- MATERIAL FOR THIS TASK
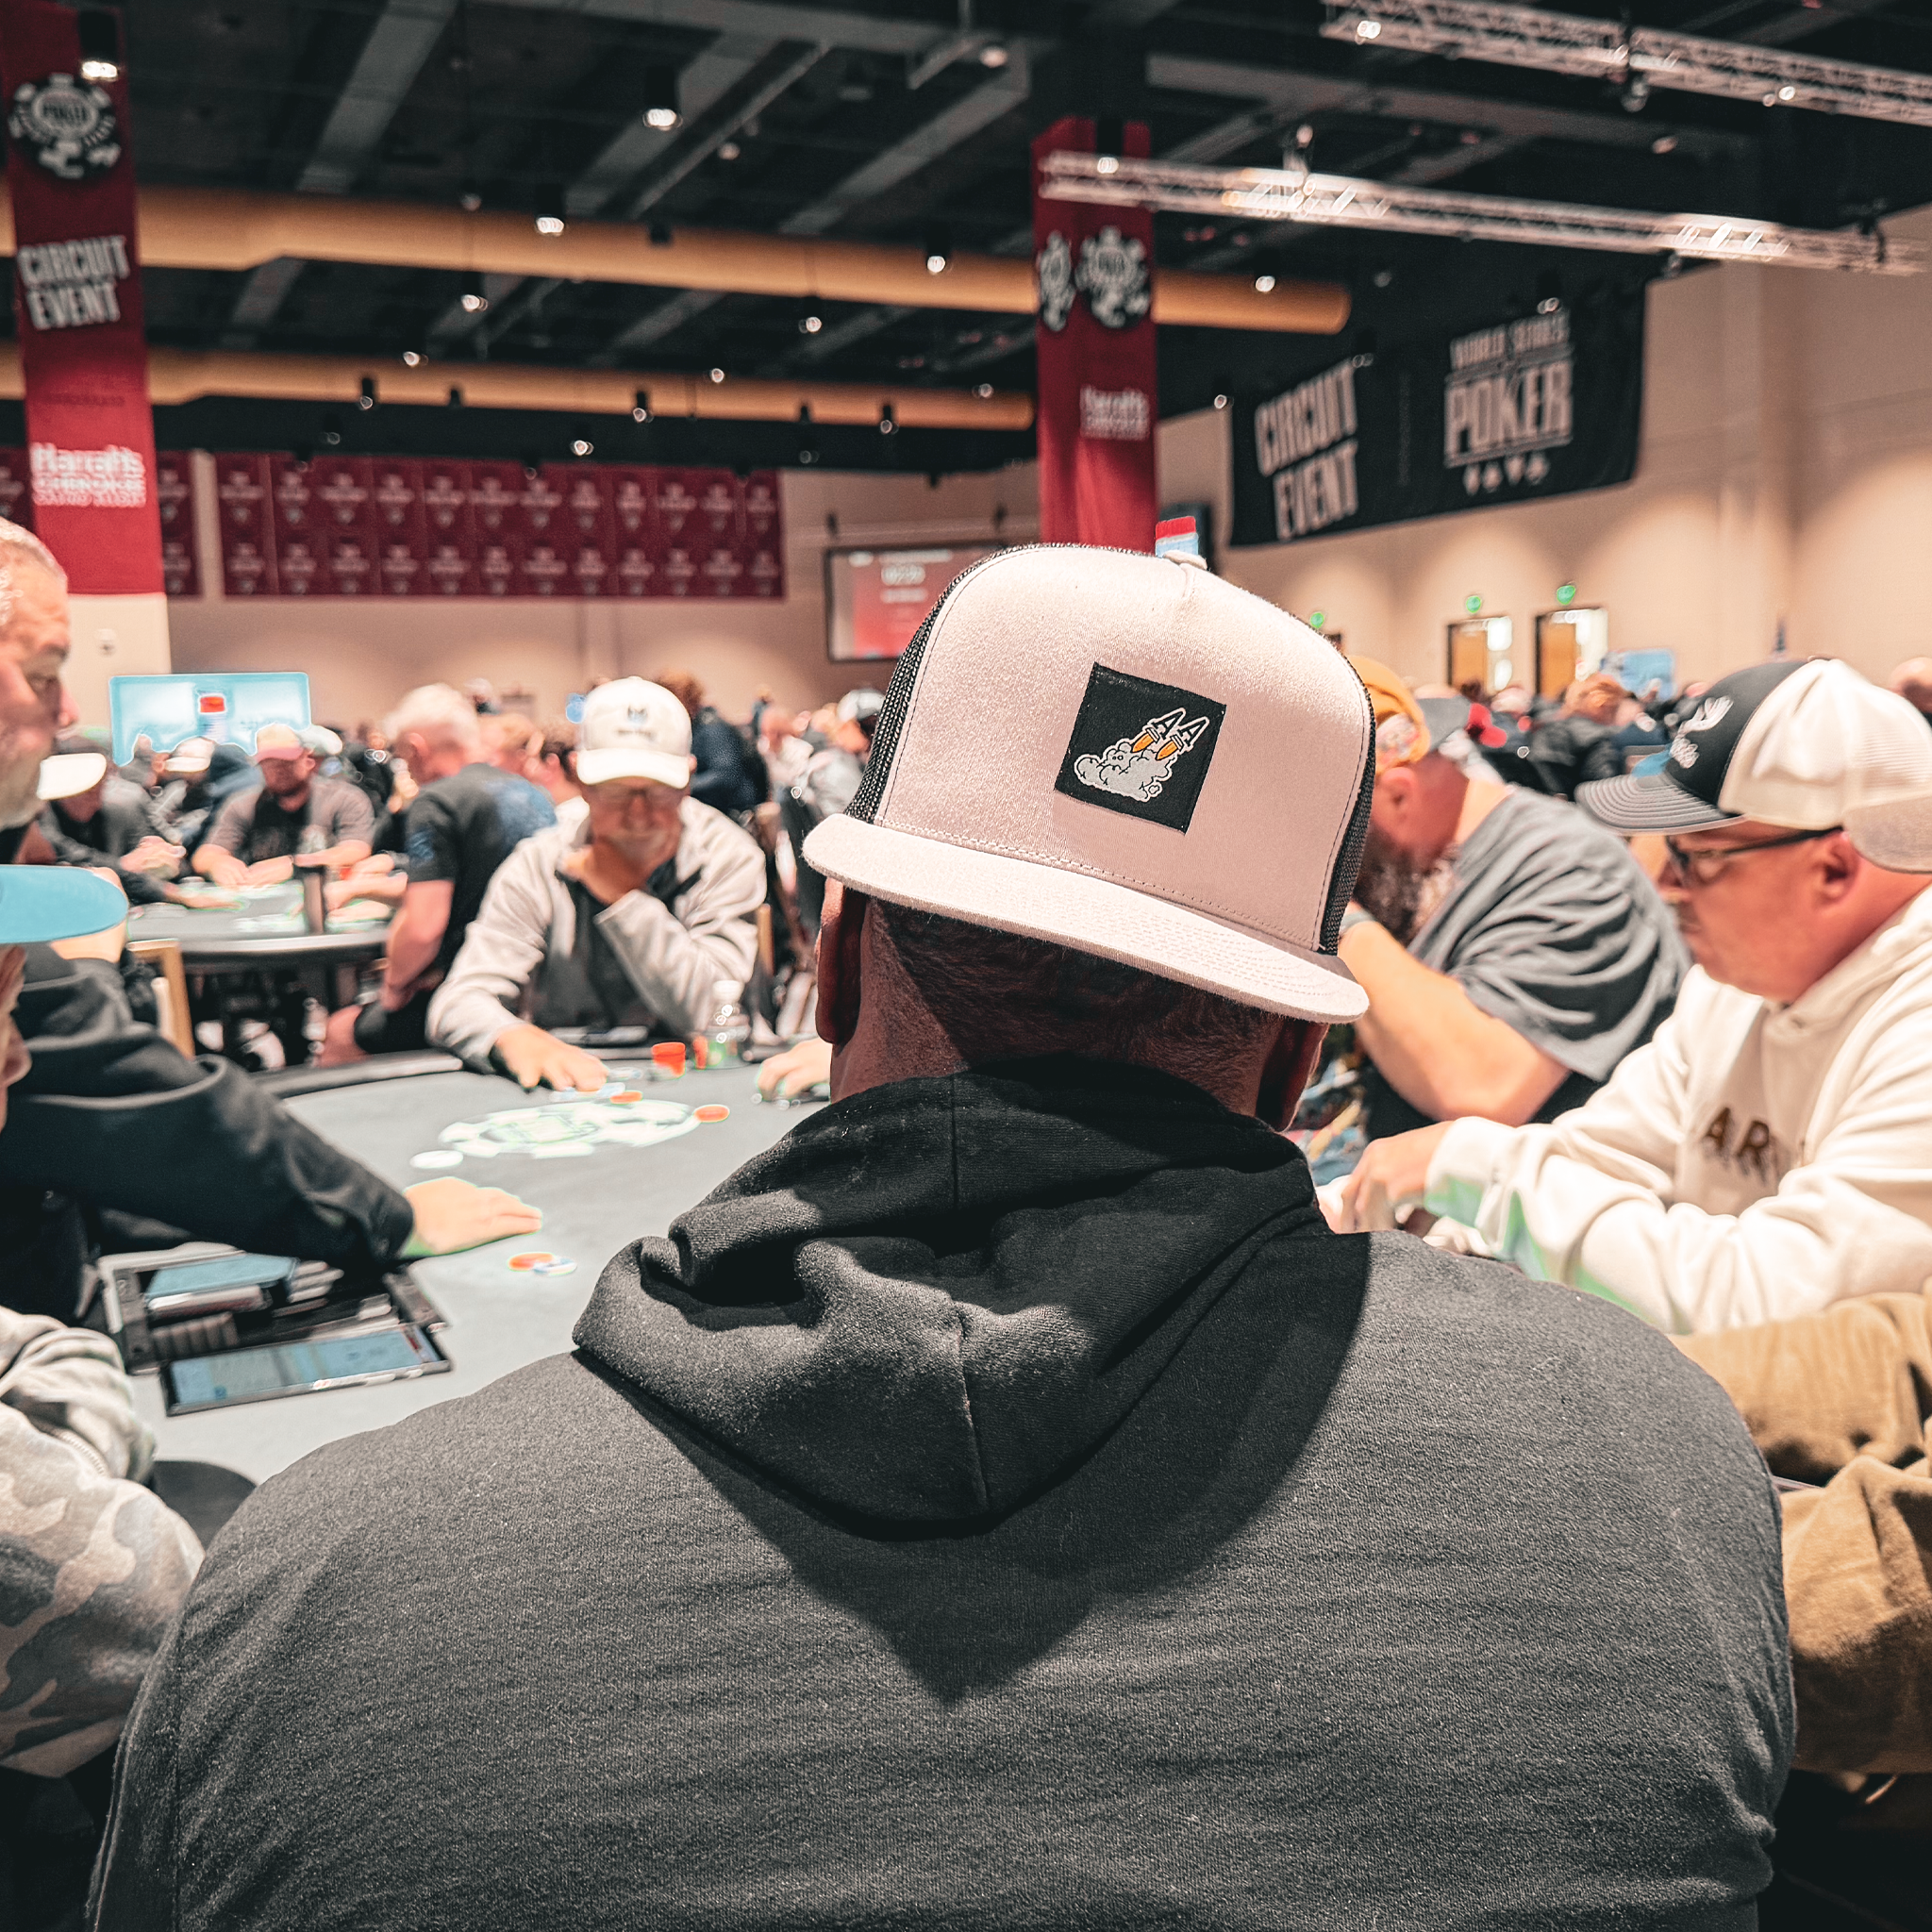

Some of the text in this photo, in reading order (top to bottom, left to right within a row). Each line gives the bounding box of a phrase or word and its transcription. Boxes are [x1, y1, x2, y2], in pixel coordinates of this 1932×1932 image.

[19, 236, 130, 287] CIRCUIT
[27, 280, 121, 330] EVENT
[1256, 358, 1357, 476] CIRCUIT
[1444, 361, 1574, 462] POKER
[1274, 440, 1357, 541] EVENT
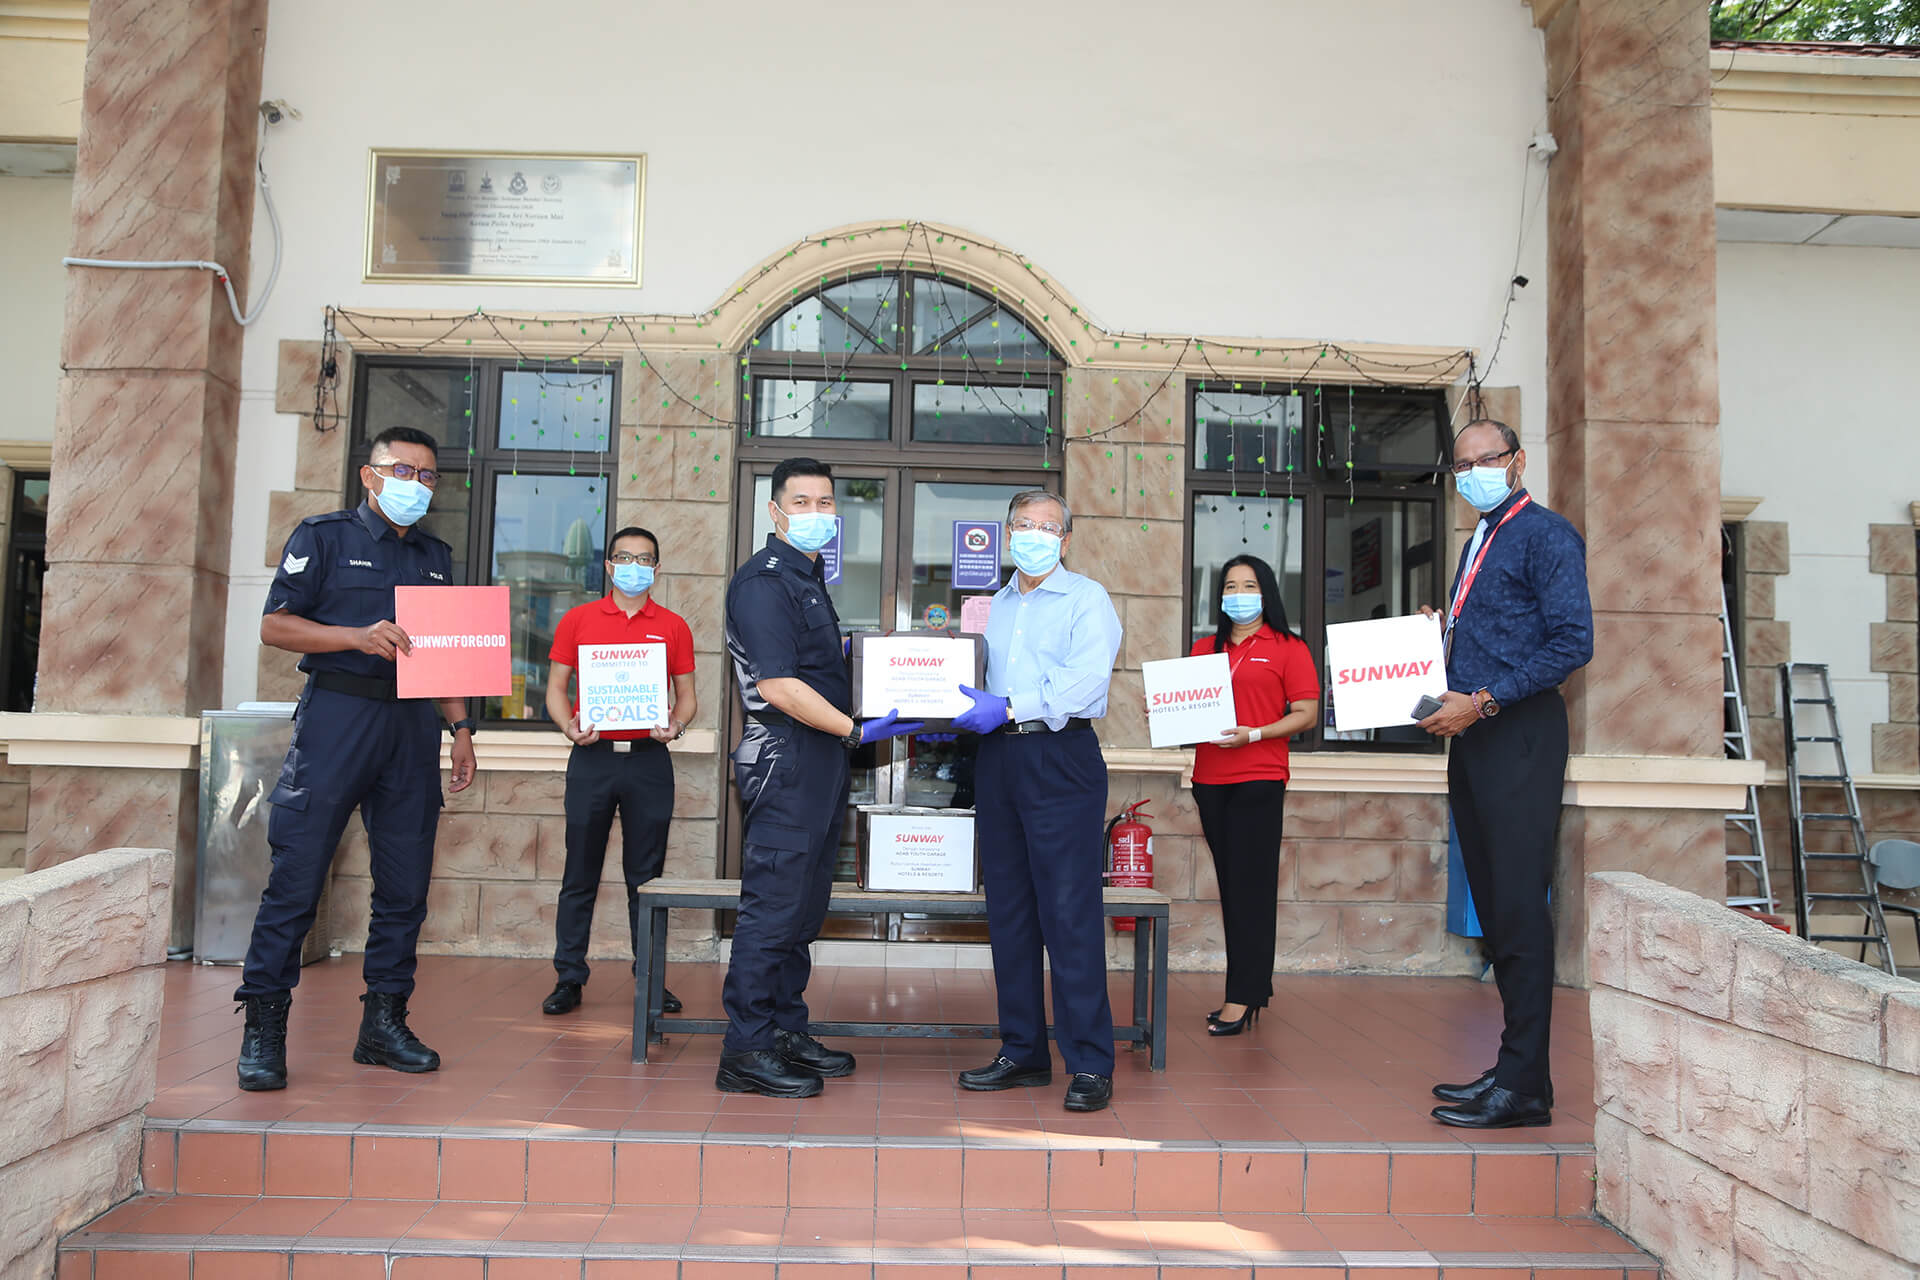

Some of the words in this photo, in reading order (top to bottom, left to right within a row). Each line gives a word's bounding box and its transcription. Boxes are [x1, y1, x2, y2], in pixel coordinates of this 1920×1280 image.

[591, 649, 649, 660] SUNWAY
[889, 656, 945, 667] SUNWAY
[1338, 660, 1433, 685] SUNWAY
[587, 684, 659, 695] SUSTAINABLE
[587, 694, 658, 705] DEVELOPMENT
[1152, 686, 1223, 706] SUNWAY
[588, 704, 659, 722] GOALS
[1152, 705, 1179, 714] HOTELS
[1188, 701, 1221, 710] RESORTS
[895, 833, 945, 843] SUNWAY
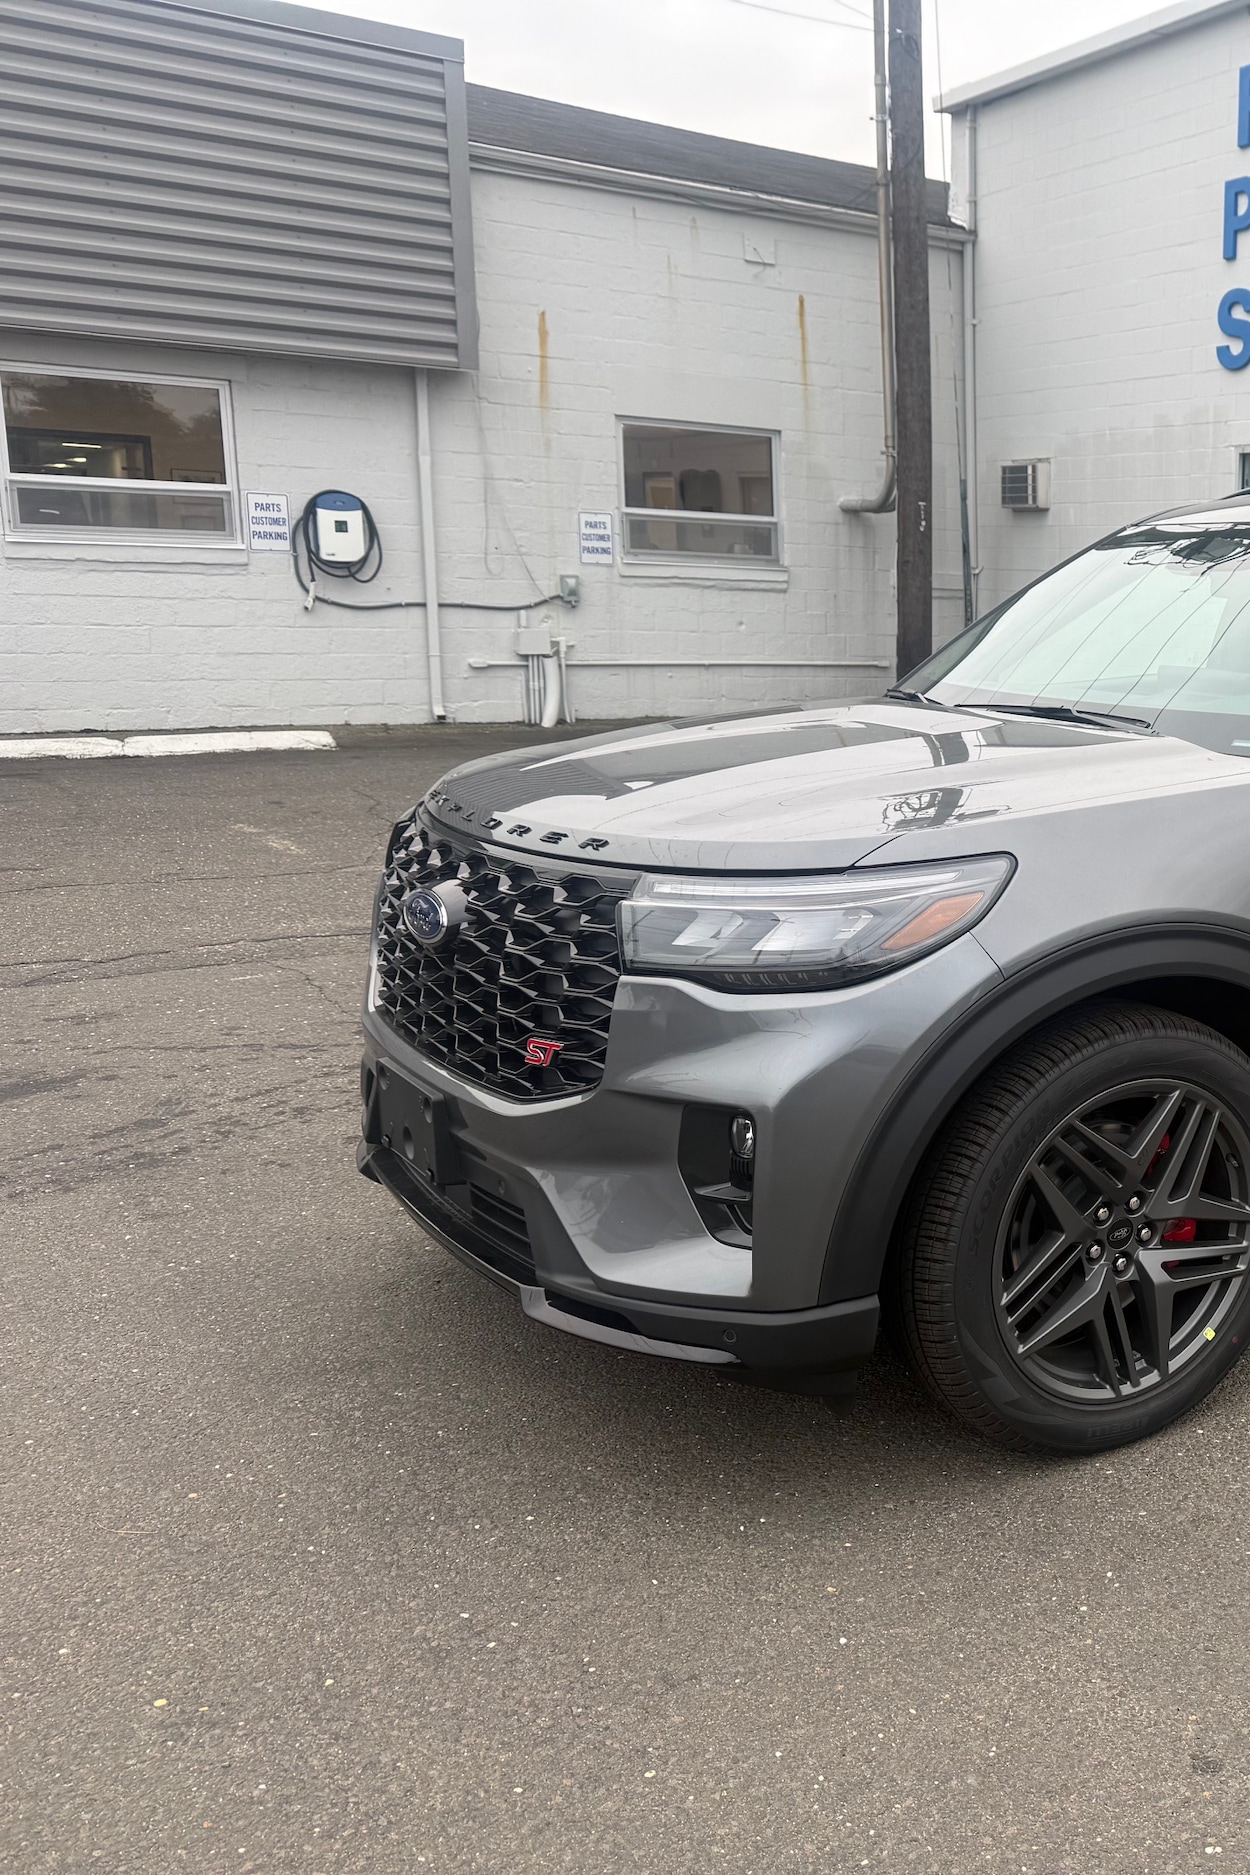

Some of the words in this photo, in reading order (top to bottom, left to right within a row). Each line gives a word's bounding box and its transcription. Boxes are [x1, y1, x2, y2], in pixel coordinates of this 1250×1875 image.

- WHAT YOU NEED TO DO
Although the records above contain pictures, your copy should give only their text, exactly as written.

- EXERCISE RESPONSE
Some of the text in this photo, in reading order (top to bottom, left to right within a row). Each line gives the bounding box of a phrase or word and its transcription. Boxes are [x1, y1, x2, y2], in pixel coordinates of this 1932×1932 image.

[19, 236, 130, 287] CIRCUIT
[27, 280, 121, 330] EVENT
[1256, 358, 1357, 476] CIRCUIT
[1444, 361, 1574, 462] POKER
[1274, 440, 1357, 541] EVENT

Some of the words in this photo, in reading order (top to bottom, left to right within a row). Each line gives a word's bounding box and its transcription. Boxes are [x1, y1, x2, y2], in pixel coordinates of this 1920×1280 image.

[591, 649, 649, 660] SUNWAY
[889, 656, 945, 667] SUNWAY
[1338, 660, 1433, 685] SUNWAY
[587, 684, 659, 695] SUSTAINABLE
[587, 694, 658, 705] DEVELOPMENT
[1152, 686, 1223, 706] SUNWAY
[588, 704, 659, 722] GOALS
[1152, 705, 1179, 714] HOTELS
[1188, 701, 1221, 710] RESORTS
[895, 833, 945, 843] SUNWAY

Some of the words in this photo, in reading order (top to bottom, left to right within a row). Each line gives a word's bounding box and its transcription. Boxes are [x1, y1, x2, y2], in pixel coordinates of this 1250×1875 image.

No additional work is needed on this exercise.